Regulators Don't Accept Vibes: The Two Layers Pharma AI Is Missing
1. The Signal
Novo Nordisk built NovoScribe[1], an internal pipeline that drafts Clinical Study Reports with Claude. The numbers are public: drafting time down from 12 weeks to under 10 minutes, a team of ~50 medical writers reduced to 3, and a reported 90% cut in CSR writing time[2], with positive feedback from regulators. They experimented with other models for years before it worked.
The ROI math is brutal: by Novo Nordisk's own estimate, each day a medicine reaches market sooner is worth around $15M. AI is shrinking the market for regulatory medical writers while making each remaining one more critical.
The shift is happening, and regulators have noticed. In April 2026, the FDA issued its first Warning Letter citing improper reliance on AI[3]: a manufacturer had used AI to generate required documents without adequate human review. The agency's position is explicit: you remain fully responsible for every AI-generated output. The question is no longer whether AI writes regulatory documents. It is whether you can prove that what it writes is true.
2. The Ceiling
A Principal Medical Writer I interviewed runs AI daily on his own biohacking data: diet logs, biomarkers, time series. Roughly one response in three contains a timing error or conflates items across days. On his own data, with a 2-million-token context window, where he catches every mistake instantly.
Now project that failure rate onto a 500-page CSR headed for submission. Even the FDA's own internal AI tool, Elsa, was reported by agency officials to hallucinate nonexistent studies[4]. The stakes are not a wrong diet log entry. The stakes are patient safety and a $2B drug program.
3. Two Failure Points, Not One
The tempting fix is a single one: better fine-tuning, bigger context, smarter prompts.
The evidence says otherwise. A recent large-scale study (25,000 runs across three frontier models and eight scientific domains) found that scaffolding and prompt engineering explain 1.5% of the variance in AI performance, versus 41.4% for the base model itself. Better base models are what move the needle, and they keep arriving fast. But two constraints survive every model generation: unstructured inputs degrade even the best reasoner available, and a regulator will never accept "the model is good now" as evidence. Trust has to be demonstrated, claim by claim, whatever the model's raw accuracy.
Regulated document generation actually breaks in two distinct places:
- •Upstream: unstructured inputs. Feed a model a messy PDF, a semi-structured CSR, or statistical output with inconsistent formatting, and it has no structural grounding. It infers relationships, and when inference fails, it fabricates. Cleaner structure reduces the error rate.
- •Downstream: unverified outputs. Reduces, not eliminates. A model can hallucinate on perfectly structured data. Which means no amount of preprocessing makes an output submission-ready on its own. Every claim in the document must be checked against its source, by a layer independent of the one that generated it. A generator cannot be its own auditor.
Most "AI for regulatory" efforts fix neither. They demo a chatbot in the middle and hope.
4. The Architecture That Ships
What a submission-grade pipeline actually looks like:
- •A standardization layer before the model. Structured extraction into validated, machine-readable schemas. FAIR data principles as a hard technical requirement, not an academic ideal. Inconsistencies caught at the data layer, where they are cheap.
- •A verification layer after the model. Claim-level traceability from generated text back to source tables. Independent checks that fail loudly instead of shipping quietly. An audit trail a reviewer, human or regulatory, can actually inspect.
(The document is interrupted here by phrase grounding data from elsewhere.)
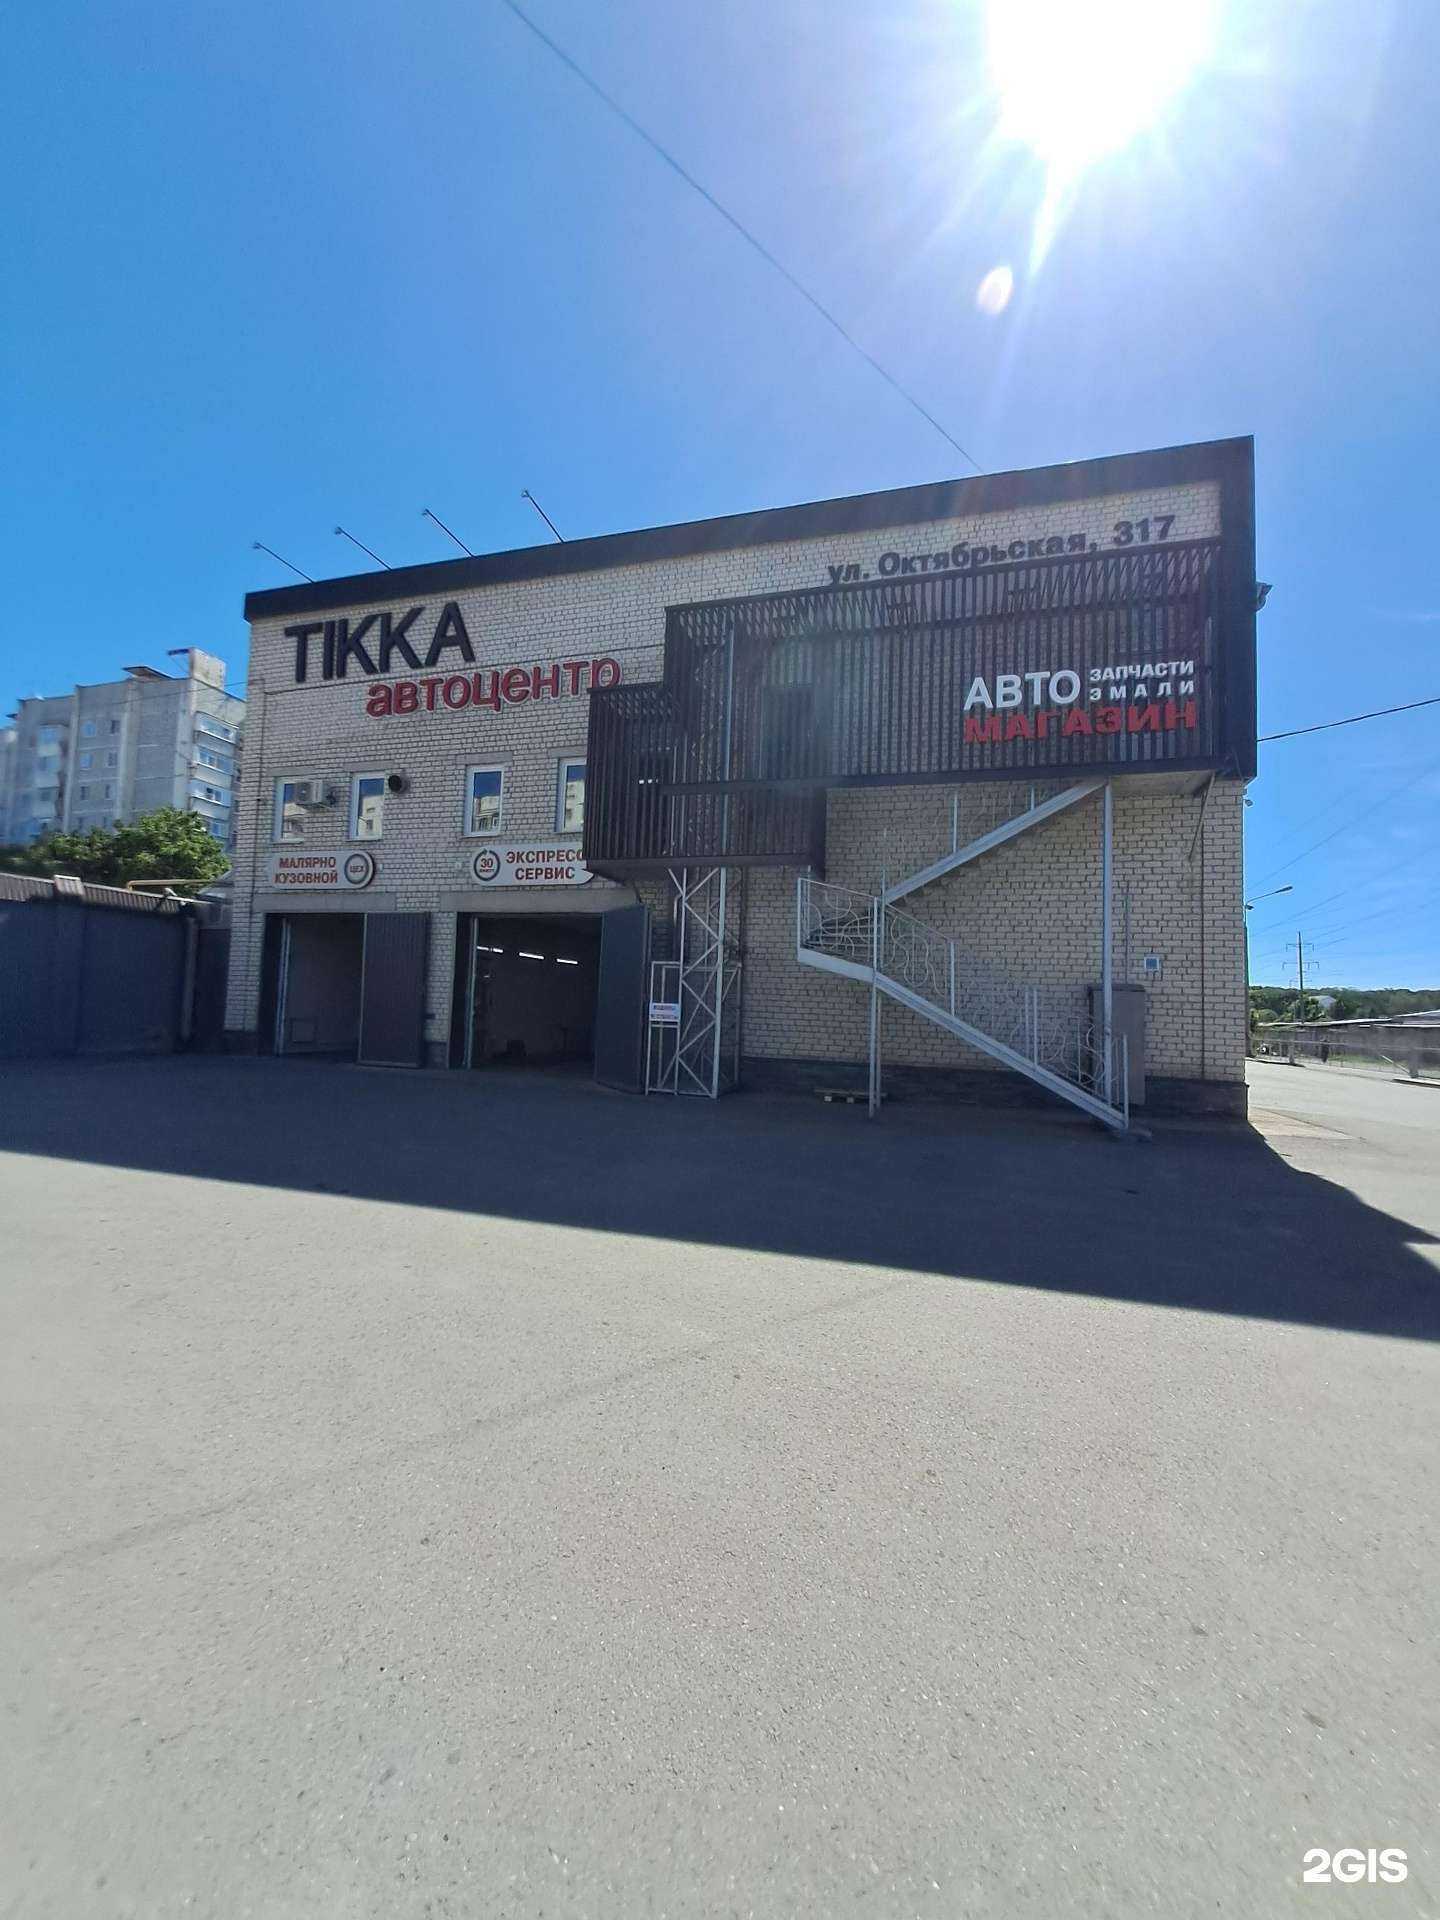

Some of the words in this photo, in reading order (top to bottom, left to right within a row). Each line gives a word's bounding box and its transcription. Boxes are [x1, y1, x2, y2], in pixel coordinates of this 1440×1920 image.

[828, 561, 870, 586] ул.
[878, 533, 1097, 576] Октябрьская,
[1113, 515, 1176, 546] 317
[285, 601, 476, 683] TIKKA
[1090, 660, 1194, 681] ЗАПЧАСТИ
[964, 670, 1081, 710] АВТО
[963, 700, 1197, 744] МАГАЗИН
[278, 856, 337, 869] МАЛЯРНО
[480, 858, 494, 869] 30
[274, 871, 338, 884] КУЗОВНОЙ
[515, 867, 576, 881] СЕРВИС
The generation step in the middle is the part everyone shares: the same handful of frontier models, available to every competitor. The two layers around it are where the differentiation lives. And note what the verification layer is made of today: expensive humans re-reading everything. That is the bottleneck left to systematize.
This is the unglamorous work that rarely makes the demo. It is easier to show a chatbot summarizing a CSR than to build the plumbing that makes the summary trustworthy. But without the plumbing, you are shipping a liability with good grammar.
Bottom Line
The model works. The system around it does not exist yet. Regulators do not accept confident text; they accept documents where every number has a lineage. Structure the inputs so the model reasons on solid ground. Verify the outputs so no claim leaves the pipeline unchecked. Companies that build both layers will own regulatory AI. Companies that skip them will keep demoing.
References
- MongoDB, "Novo Nordisk & MongoDB Atlas: A Clinical Study Report in Minutes."
- Anthropic, "Novo Nordisk customer story."
- Morgan Lewis, "FDA's Warning Letter Suggests Growing Scrutiny of AI Overreliance." April 2026.
- Futurism (citing CNN), "The FDA Is Using an AI to Speed Up Drug Approvals and Insiders Say It's Making Horrible Mistakes." July 2025.